» Records from a dataset
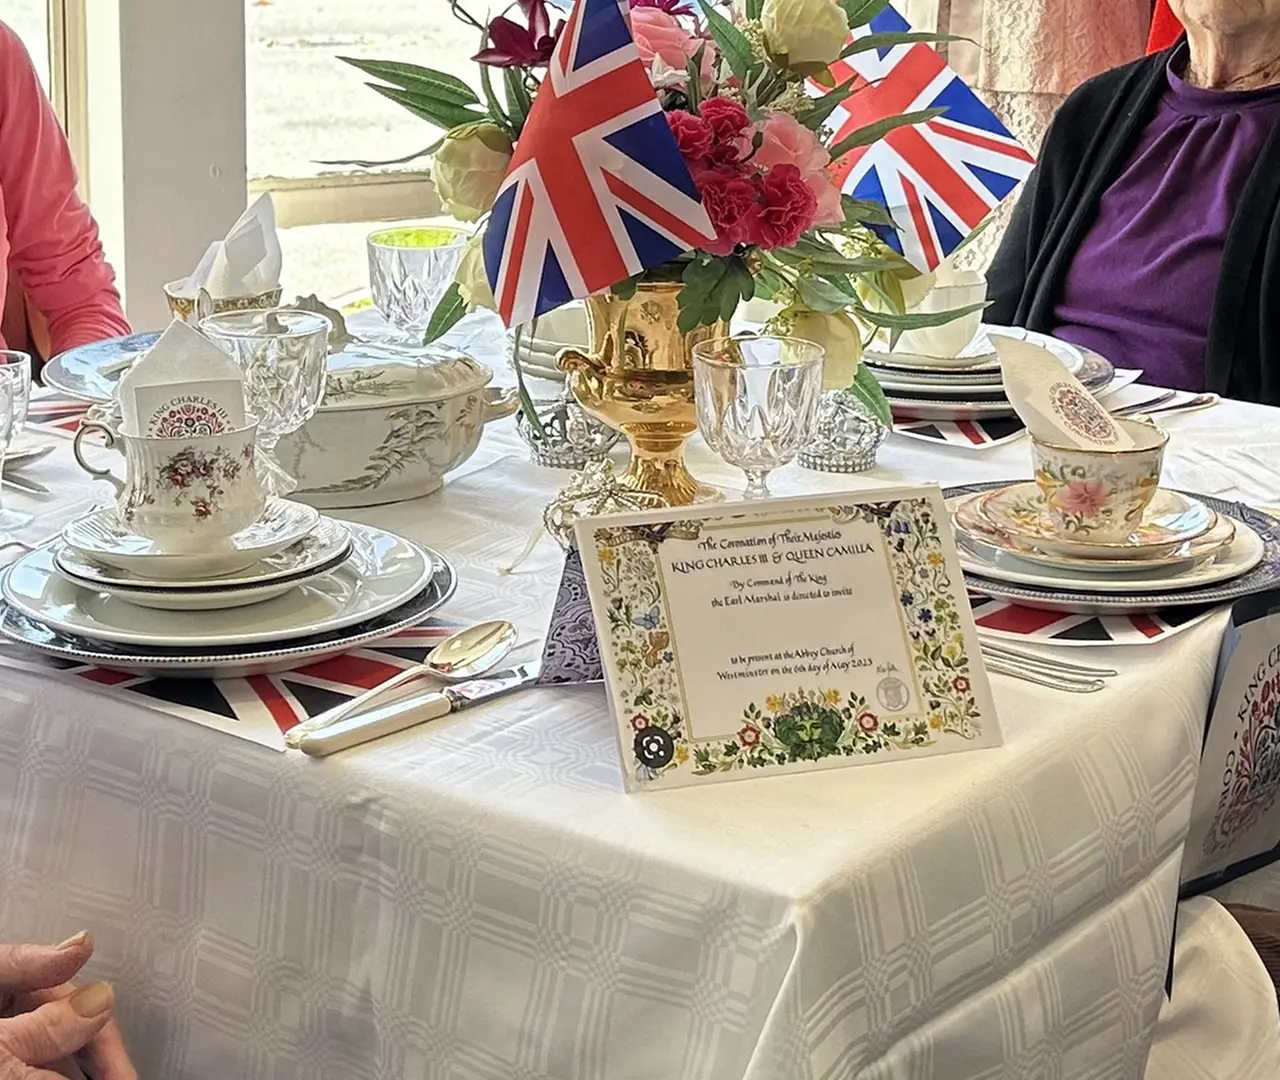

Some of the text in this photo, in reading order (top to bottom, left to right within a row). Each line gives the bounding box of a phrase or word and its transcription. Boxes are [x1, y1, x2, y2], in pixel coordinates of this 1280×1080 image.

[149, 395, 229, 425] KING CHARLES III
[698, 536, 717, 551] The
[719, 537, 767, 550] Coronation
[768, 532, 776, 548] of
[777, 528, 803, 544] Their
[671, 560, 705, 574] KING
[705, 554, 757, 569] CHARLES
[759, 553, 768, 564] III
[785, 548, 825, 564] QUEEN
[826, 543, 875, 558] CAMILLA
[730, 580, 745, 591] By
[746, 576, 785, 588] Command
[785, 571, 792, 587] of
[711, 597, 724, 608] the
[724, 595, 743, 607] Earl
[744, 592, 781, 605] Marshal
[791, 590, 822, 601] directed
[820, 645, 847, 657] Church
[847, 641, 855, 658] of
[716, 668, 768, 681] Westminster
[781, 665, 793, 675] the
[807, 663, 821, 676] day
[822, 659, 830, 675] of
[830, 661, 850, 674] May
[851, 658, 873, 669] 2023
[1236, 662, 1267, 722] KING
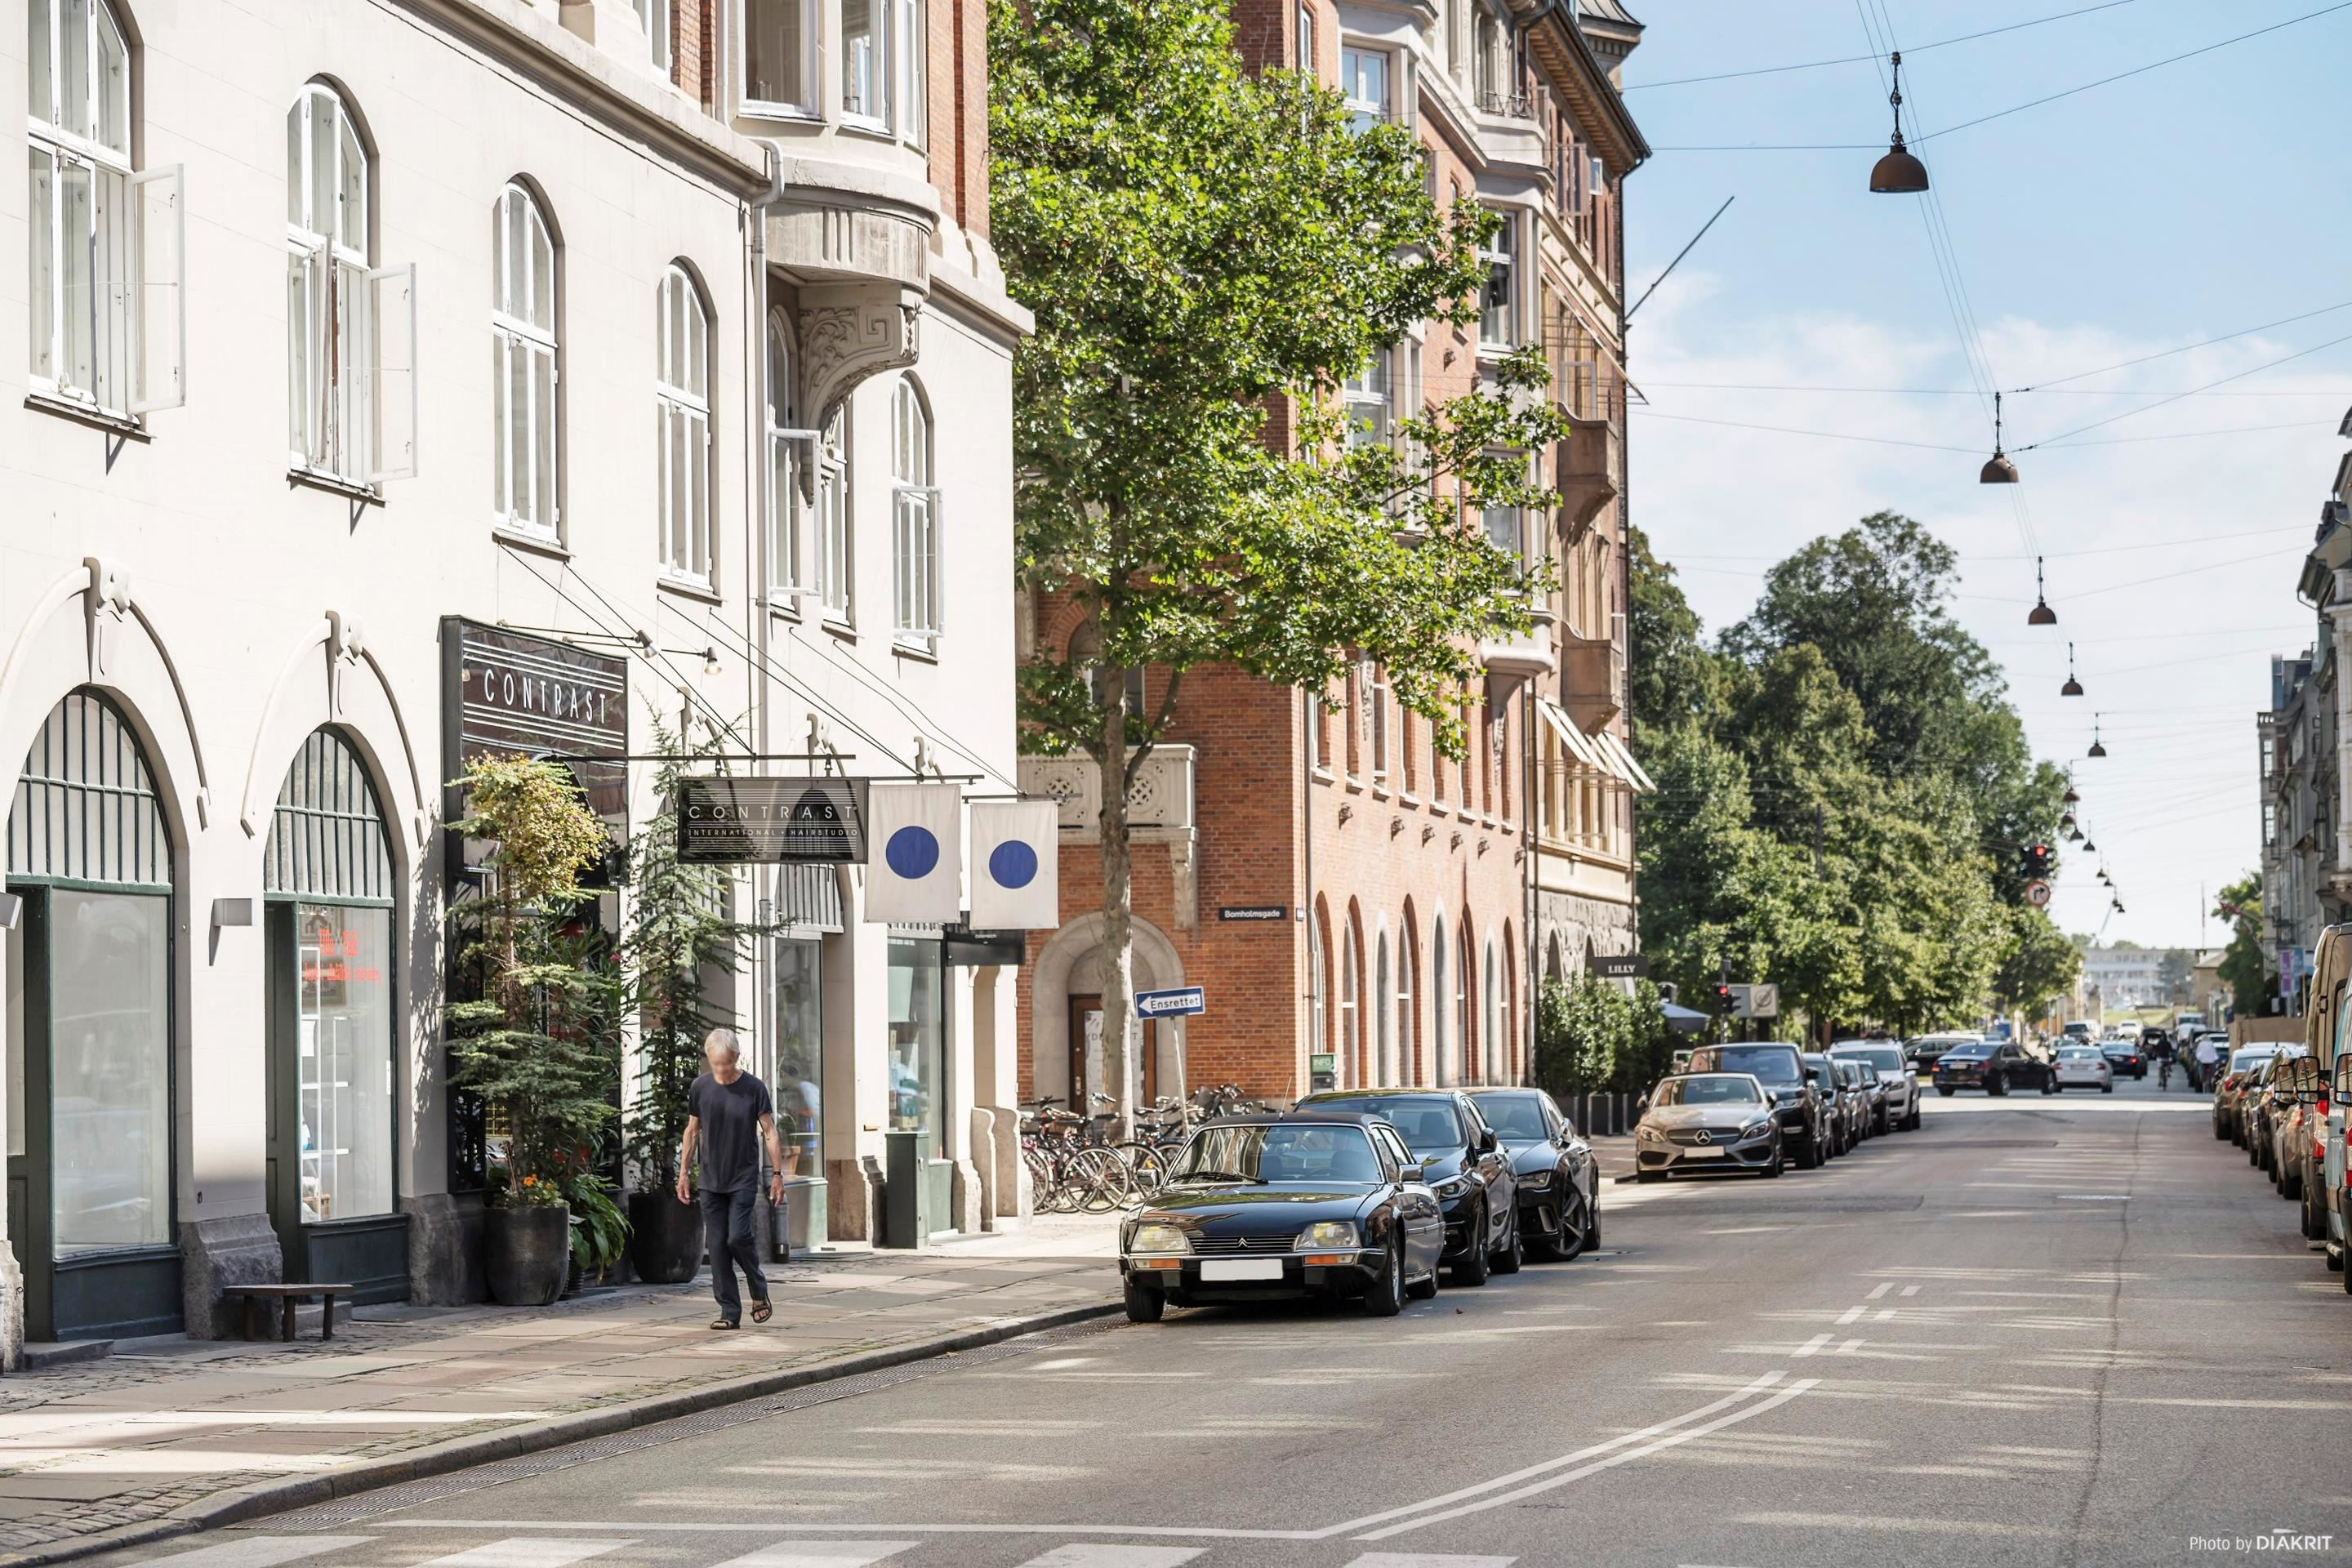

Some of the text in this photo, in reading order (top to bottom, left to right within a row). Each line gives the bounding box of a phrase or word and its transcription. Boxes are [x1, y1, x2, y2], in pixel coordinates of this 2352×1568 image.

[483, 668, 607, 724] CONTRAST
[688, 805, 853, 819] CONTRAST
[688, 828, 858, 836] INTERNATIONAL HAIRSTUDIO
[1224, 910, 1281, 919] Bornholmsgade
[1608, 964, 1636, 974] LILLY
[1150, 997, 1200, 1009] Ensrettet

» How to complete this task
Would you please repeat the entries above verbatim, excluding each picture?

» Answer for the task
Some of the text in this photo, in reading order (top to bottom, left to right within a row). Each line gives the bounding box of a phrase or word and its transcription. Boxes are [x1, y1, x2, y2], in pixel coordinates of this 1280×1080 image.

[149, 395, 229, 425] KING CHARLES III
[698, 536, 717, 551] The
[719, 537, 767, 550] Coronation
[768, 532, 776, 548] of
[777, 528, 803, 544] Their
[671, 560, 705, 574] KING
[705, 554, 757, 569] CHARLES
[759, 553, 768, 564] III
[785, 548, 825, 564] QUEEN
[826, 543, 875, 558] CAMILLA
[730, 580, 745, 591] By
[746, 576, 785, 588] Command
[785, 571, 792, 587] of
[711, 597, 724, 608] the
[724, 595, 743, 607] Earl
[744, 592, 781, 605] Marshal
[791, 590, 822, 601] directed
[820, 645, 847, 657] Church
[847, 641, 855, 658] of
[716, 668, 768, 681] Westminster
[781, 665, 793, 675] the
[807, 663, 821, 676] day
[822, 659, 830, 675] of
[830, 661, 850, 674] May
[851, 658, 873, 669] 2023
[1236, 662, 1267, 722] KING

Some of the text in this photo, in reading order (top to bottom, left to right within a row). Each line gives the bounding box of a phrase or word and its transcription. Boxes are [x1, y1, x2, y2], in pixel coordinates of this 2352×1568 image.

[483, 668, 607, 724] CONTRAST
[688, 805, 853, 819] CONTRAST
[688, 828, 858, 836] INTERNATIONAL HAIRSTUDIO
[1224, 910, 1281, 919] Bornholmsgade
[1608, 964, 1636, 974] LILLY
[1150, 997, 1200, 1009] Ensrettet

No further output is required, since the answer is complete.